Giriş
Türkiye’de son yıllarda çocuklar çeşitli suçlar nedeni ile yaşlarının birkaç katından fazla cezalara mahkum edildiler. Çoğu çocuk yetişkinlerle aynı cezalara çarptırıldı. Oysa çocuk suçluluğunu yetişkin suçluluğundan ayıran koşullar irdelendiğinde; suçlu çocuklar için ‘’af’’ tan söz etmek, anayasa paketleri ile çözüm üretmek yerine nedenlerinin anlaşılması, önlenmesi ve özel bir statü yaratılması gerekiyor. Çocuk suçları Türkiye’nin gündemine yakın zamanda politik şiddetin içinde ‘’taş atan çocuklar’’ olarak geldiler. Ardından da başka çocukları taciz eden, tecavüz eden azmettiren çocuklardan söz edilmeye başlandı. Türkiye çocukların hem mağdur hem de zanlı olduğu olaylarla sarsıldı, toplum dehşete kapıldı. Türkiye önceleri uzun bir süre baklava çaldıkları için ağır cezalar alan çocukları konuşurken, çocukların, gençlerin içinde oldukları olaylara bakıldığında çocuk suçluluğundaki artış ve işlenen suçların çeşitlenmesi tartışmaları da derinleştirdi. Profesör annesinin boğazını kesen, ya da kız arkadaşını öldürüp testere ile vücudunu parçalayan, oyunda kızdığı arkadaşını öldüren, çete üyesi olup gasp yapan, hırsızlık yapan çocuklar …
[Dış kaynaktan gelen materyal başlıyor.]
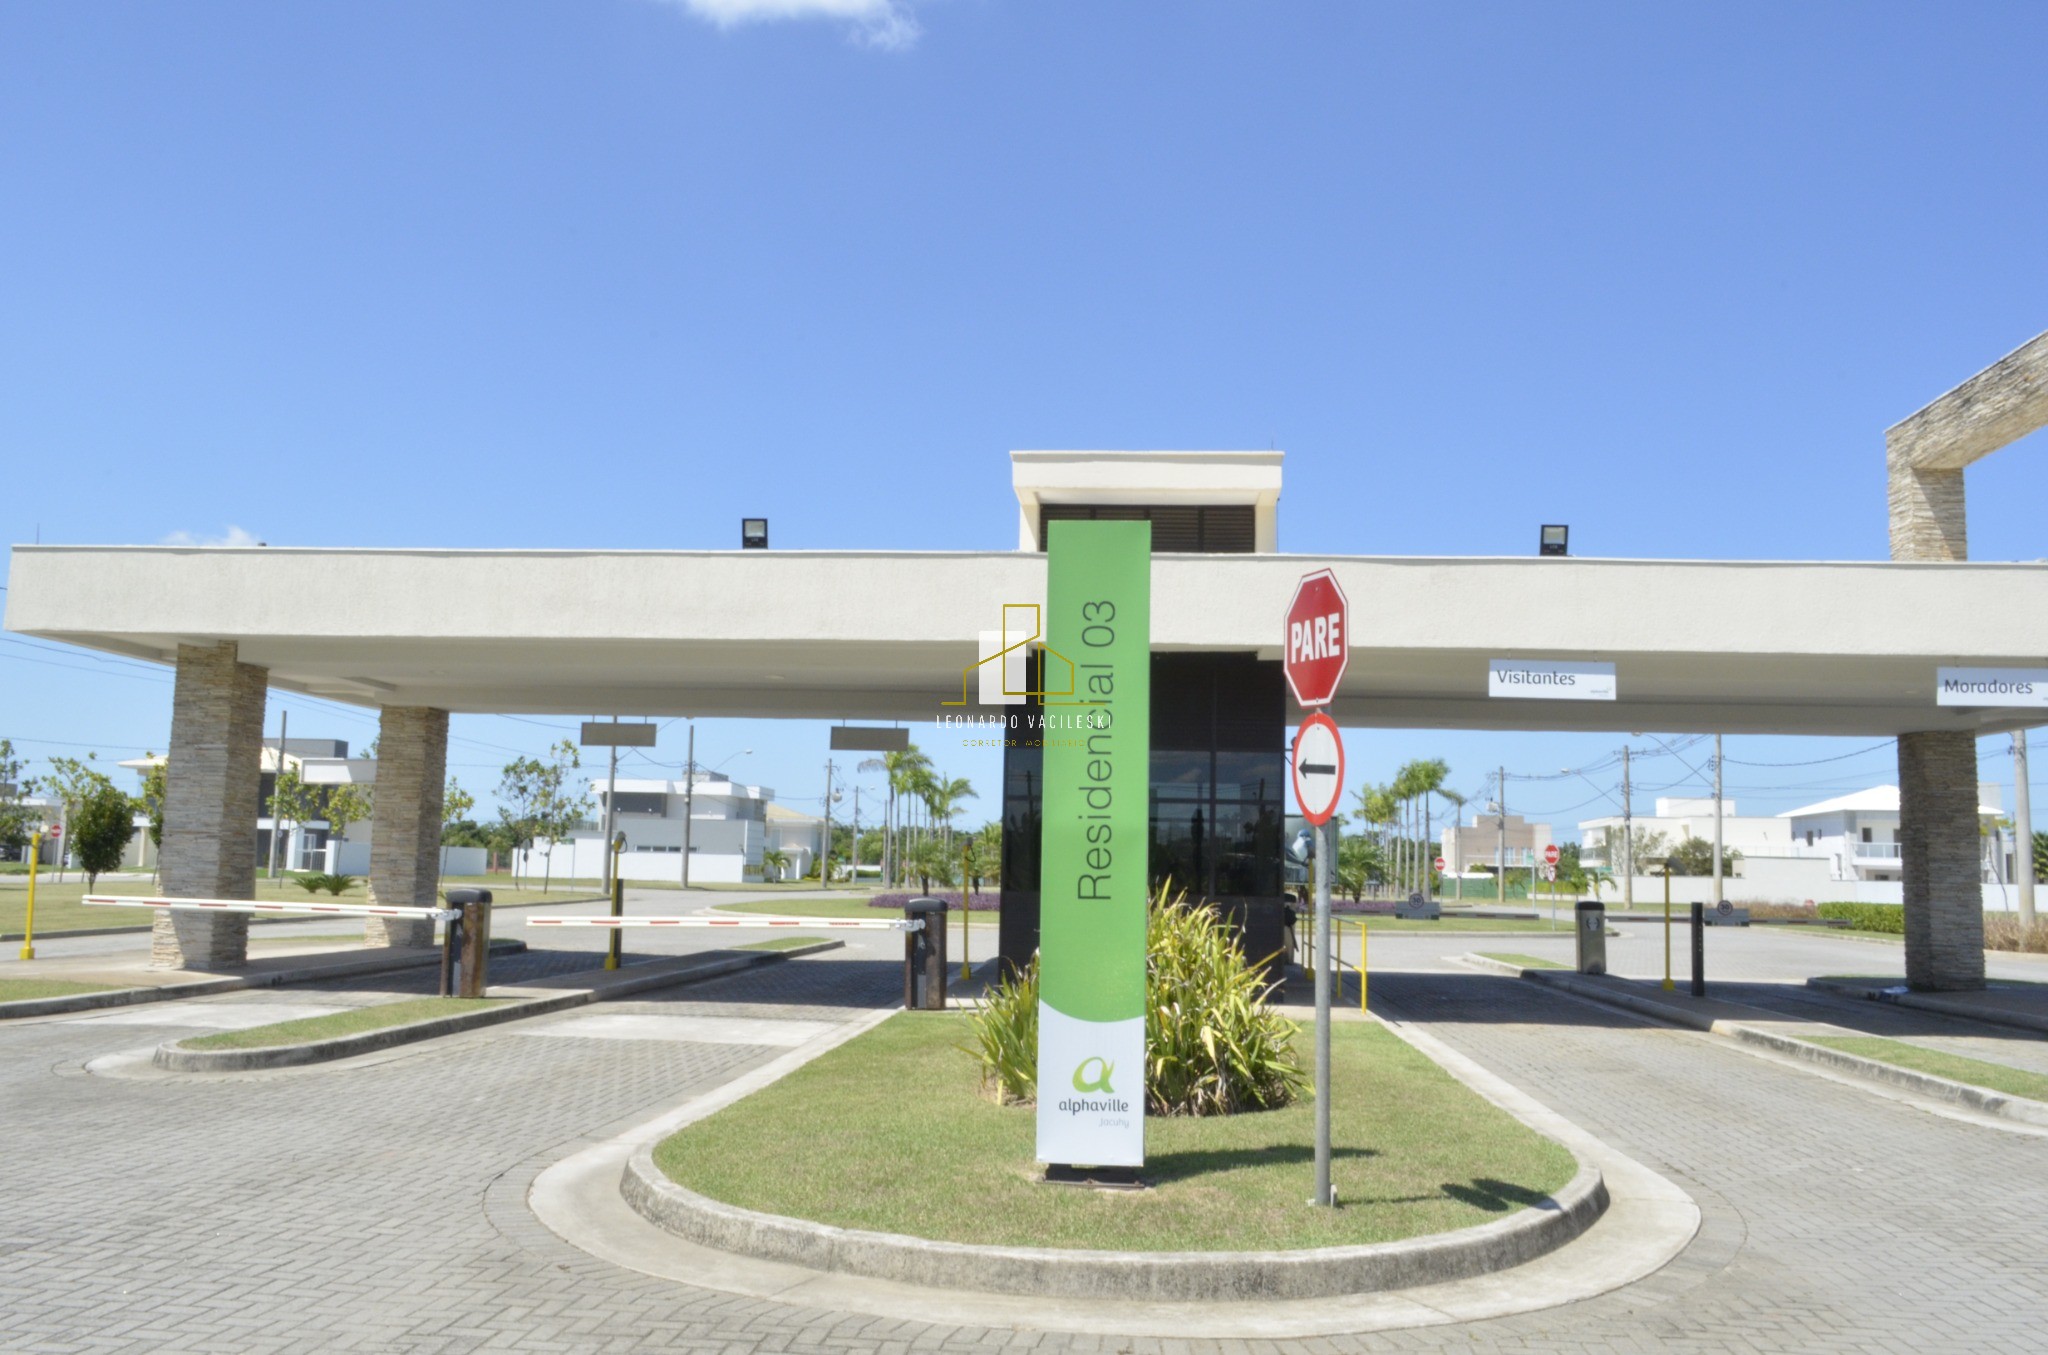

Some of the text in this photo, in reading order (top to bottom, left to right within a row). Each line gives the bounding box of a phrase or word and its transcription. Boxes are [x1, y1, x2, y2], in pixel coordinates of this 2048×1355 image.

[1291, 612, 1340, 664] PARE
[1497, 669, 1576, 686] Visitantes
[1944, 679, 2033, 694] Moradores
[1078, 600, 1117, 900] Residencial 03
[1058, 1098, 1129, 1116] alphaville
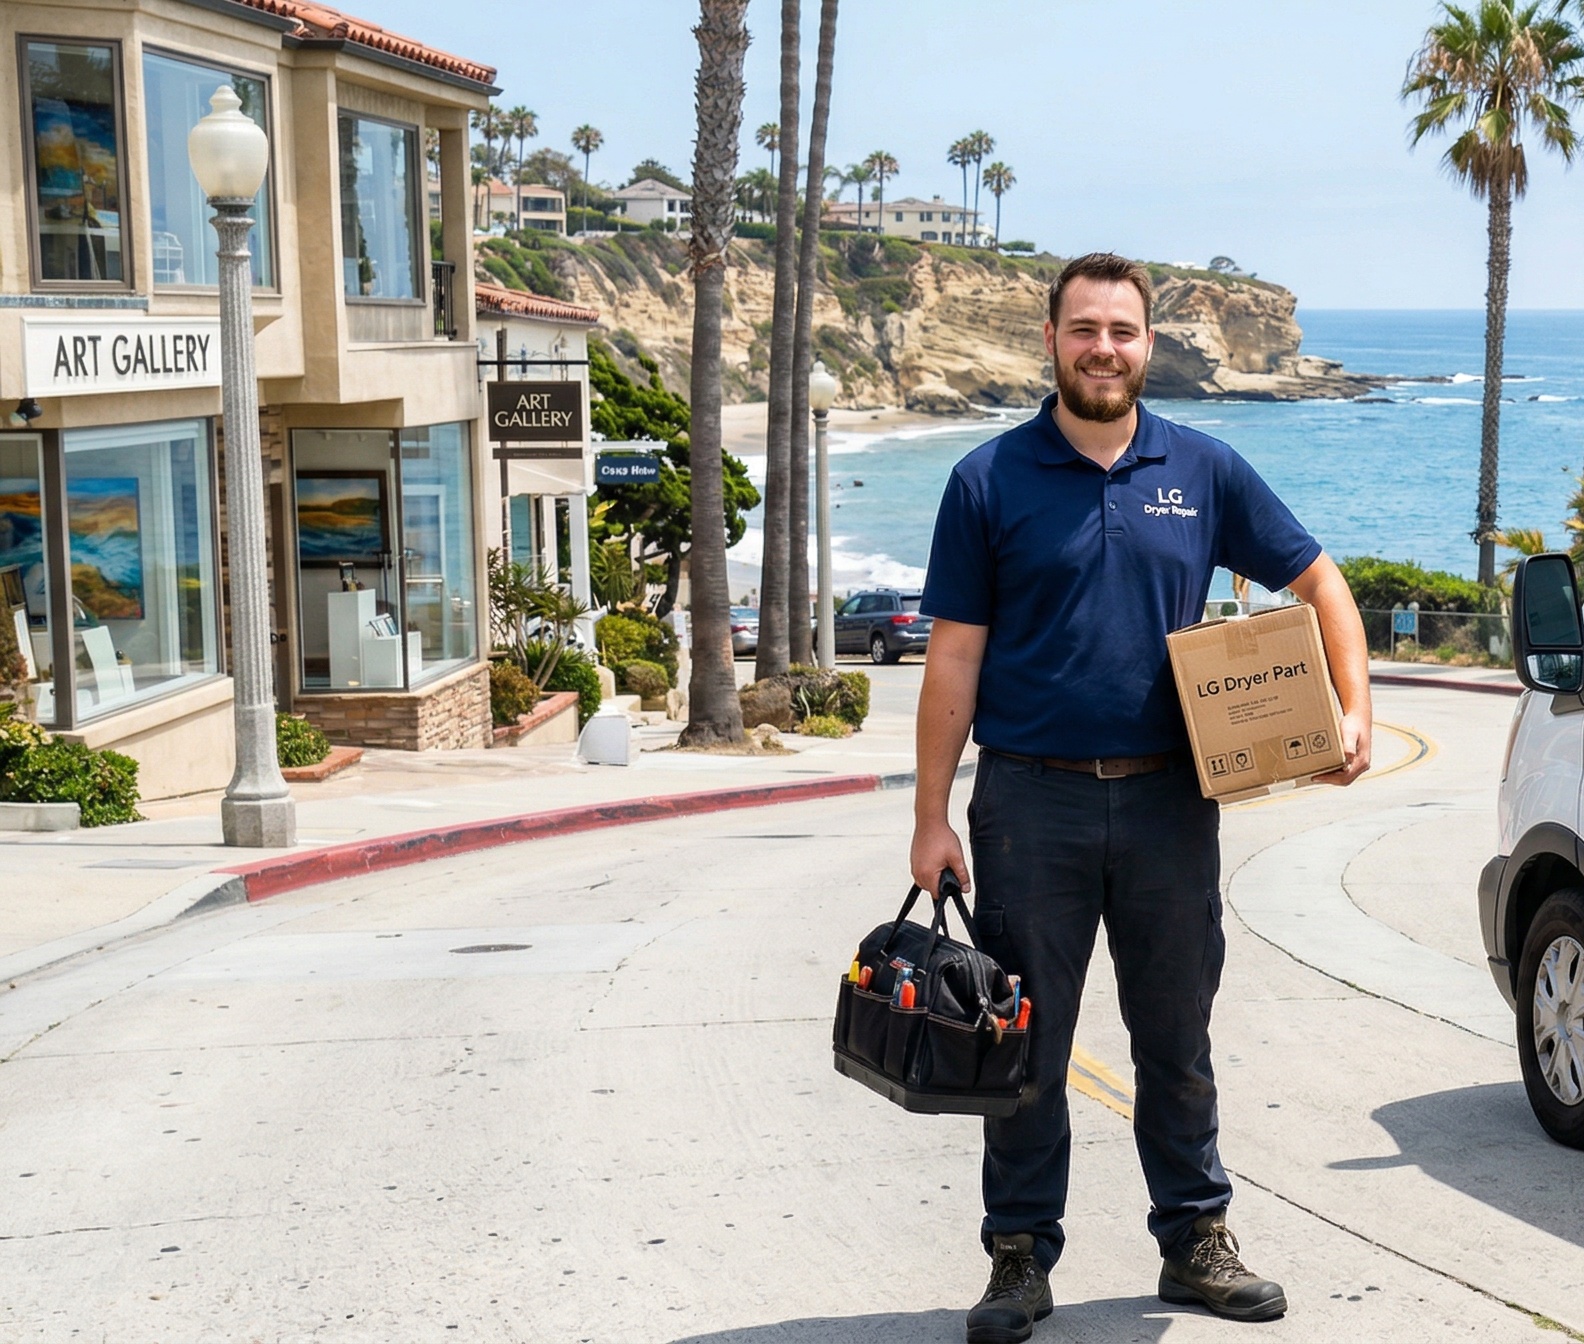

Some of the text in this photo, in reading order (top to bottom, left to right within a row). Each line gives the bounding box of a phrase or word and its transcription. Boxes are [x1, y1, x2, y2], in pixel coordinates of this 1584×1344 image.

[54, 334, 210, 377] ART GALLERY
[516, 393, 551, 410] ART
[494, 411, 573, 427] GALLERY
[1157, 487, 1183, 505] LG
[1144, 504, 1170, 517] Dryer
[1197, 661, 1308, 698] LG Dryer Part
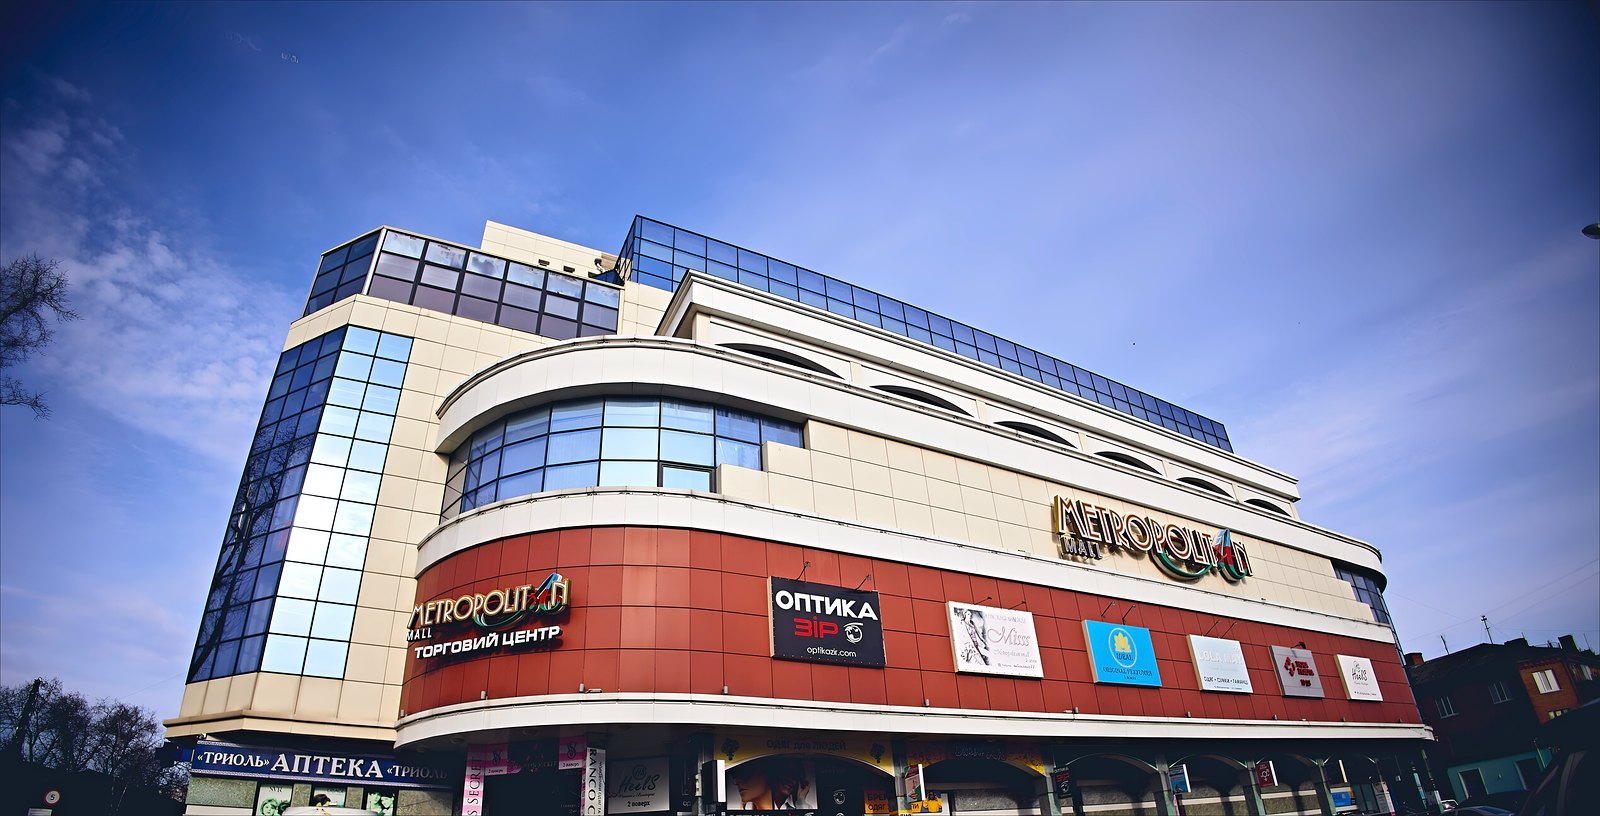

Türkiye’de son 5 yılın rakamlarına bakılınca suç patlamasının üç büyük ilde yaşandığı, toplam suçların %42’sinin Ankara, İstanbul ve İzmir’de gerçekleştiği, suç işleyen ya da suça karışan çocukların yaş ortalamasının yıldan yıla düştüğü, genellikle 11 yaşında suç işlemeye başlayan çocukların 14-17 yaşlarında yetişkin suçlarına karıştıkları anlaşılmaktadır. Bireylerin, ailelerin dolayısı ile toplumların zaman zaman pasif ya da aktif olarak başvurduğu ve her geçen gün içinden çıkılmaz bir duruma dönüşen şiddet; çok yönlü, tehlikeli toplumsal bir sorun olarak gittikçe büyümekte. Her suçun şiddet içerdiği düşünüldüğünde, sürekli artan suç işleme oranının, aynı zamanda artan şiddettin göstergesi olduğu adli vakalarla ortaya çıkmaktadır.Yapılan araştırmalar aile içi şiddetin, gençleri şiddet davranışına ve suç işlemeye yönelten en önemli sosyalizasyon süreçlerinden biri olduğunu ortaya koymaktadır. Oysa günümüzde çocukların sosyalizasyonunda ailenin etkisinin giderek azaldığı bilinmektedir. Çocukların suça karışmaları ya da mağdur olmaları tek bir nedenle açıklanamayacak evrensel bir boyut kazanmış olmakla birlikte, çocuk suçluluğundaki artışın en belirgin nedenlerinin başında olumsuz ve kötü örnek oluşturan toplumsal sorunlarla birlikte, aile ilişkilerindeki çatışmaya, yoksulluğa, madde ve alkol bağımlılıklarına, ayrılıklara dayalı şiddet gelmektedir. Bu koşullarda çocukların suç işleme ve suça karışma riski artmaktadır (Ortakmaç 2010).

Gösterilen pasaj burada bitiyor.